+++ Given records +++

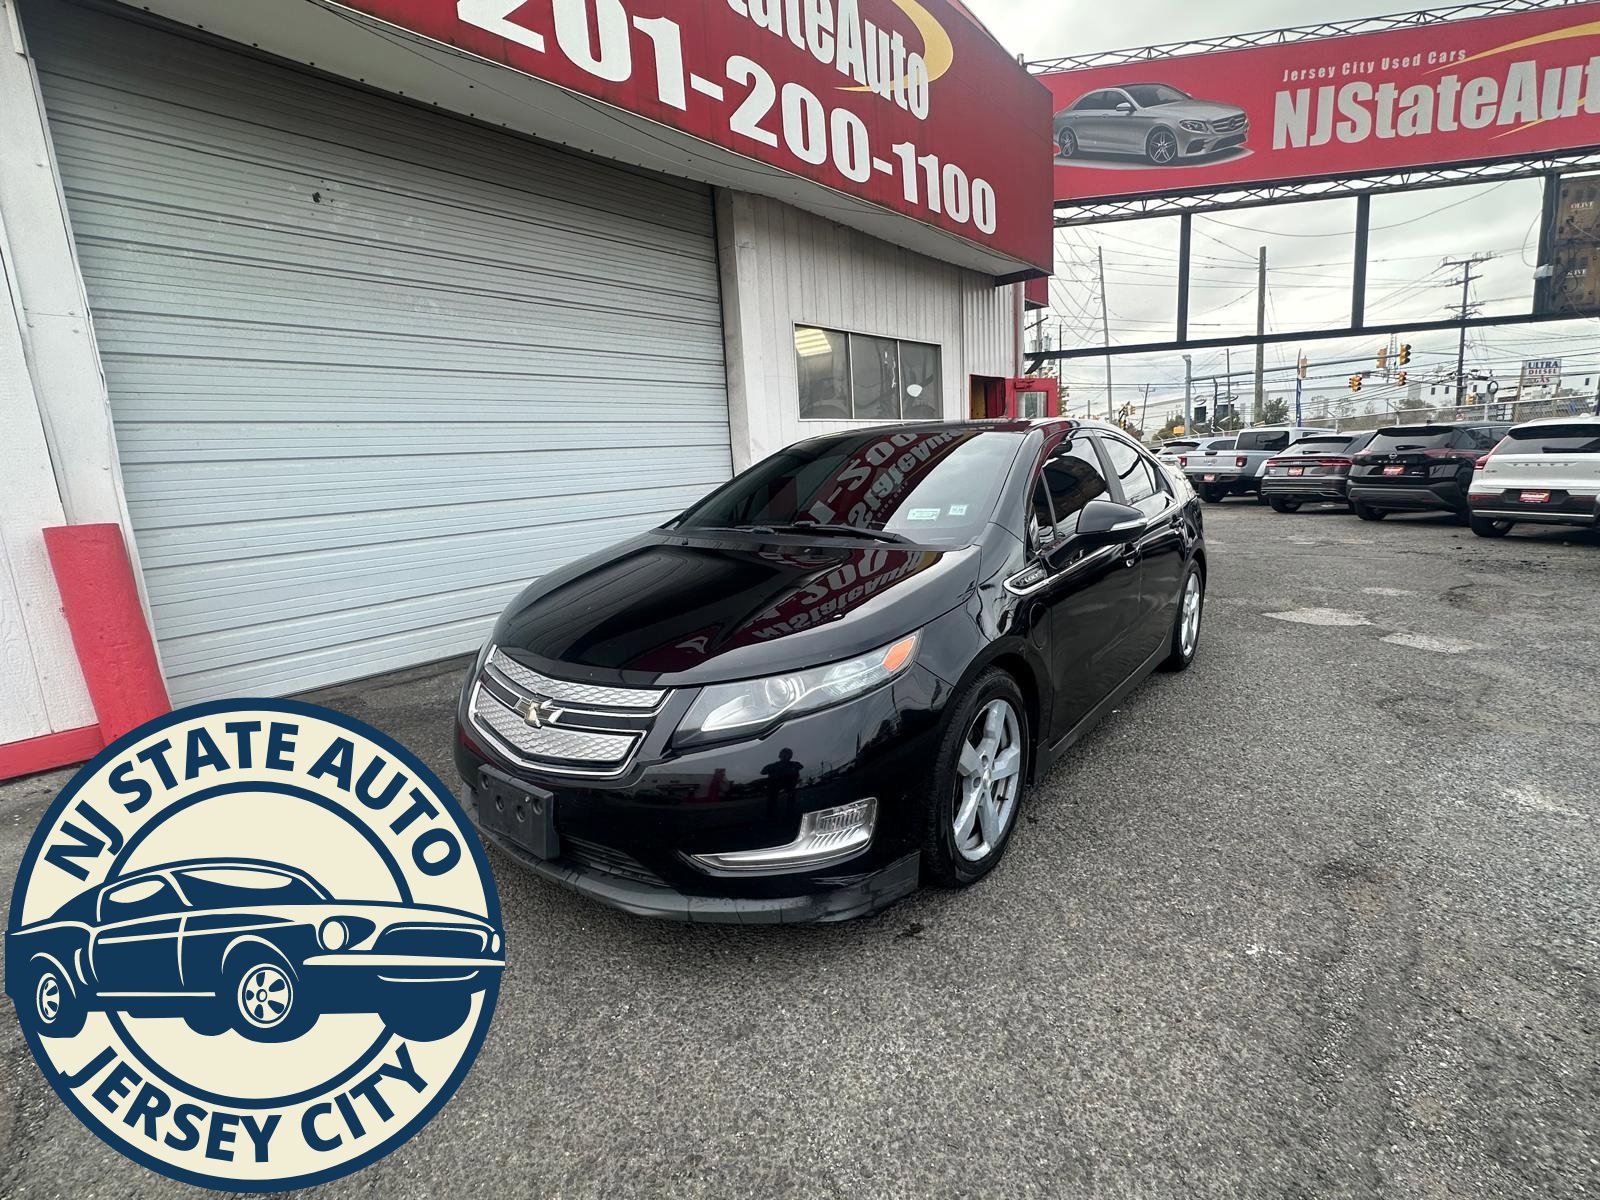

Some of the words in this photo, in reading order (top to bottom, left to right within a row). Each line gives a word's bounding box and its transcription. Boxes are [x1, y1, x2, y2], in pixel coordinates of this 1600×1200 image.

[1282, 66, 1336, 82] Jersey
[1341, 60, 1375, 76] City
[1381, 53, 1421, 71] Used
[1427, 49, 1467, 65] Cars
[1528, 361, 1559, 369] ULTRA

+++

• What this task involves
All of the material above should be output exactly, with the pictures left behind.

• Your response
Some of the words in this photo, in reading order (top to bottom, left to right within a row). Each line gives a word's bounding box and its transcription. Boxes are [x1, y1, x2, y2], in pixel coordinates of this 1600×1200 image.

[1282, 66, 1336, 82] Jersey
[1341, 60, 1375, 76] City
[1381, 53, 1421, 71] Used
[1427, 49, 1467, 65] Cars
[1528, 361, 1559, 369] ULTRA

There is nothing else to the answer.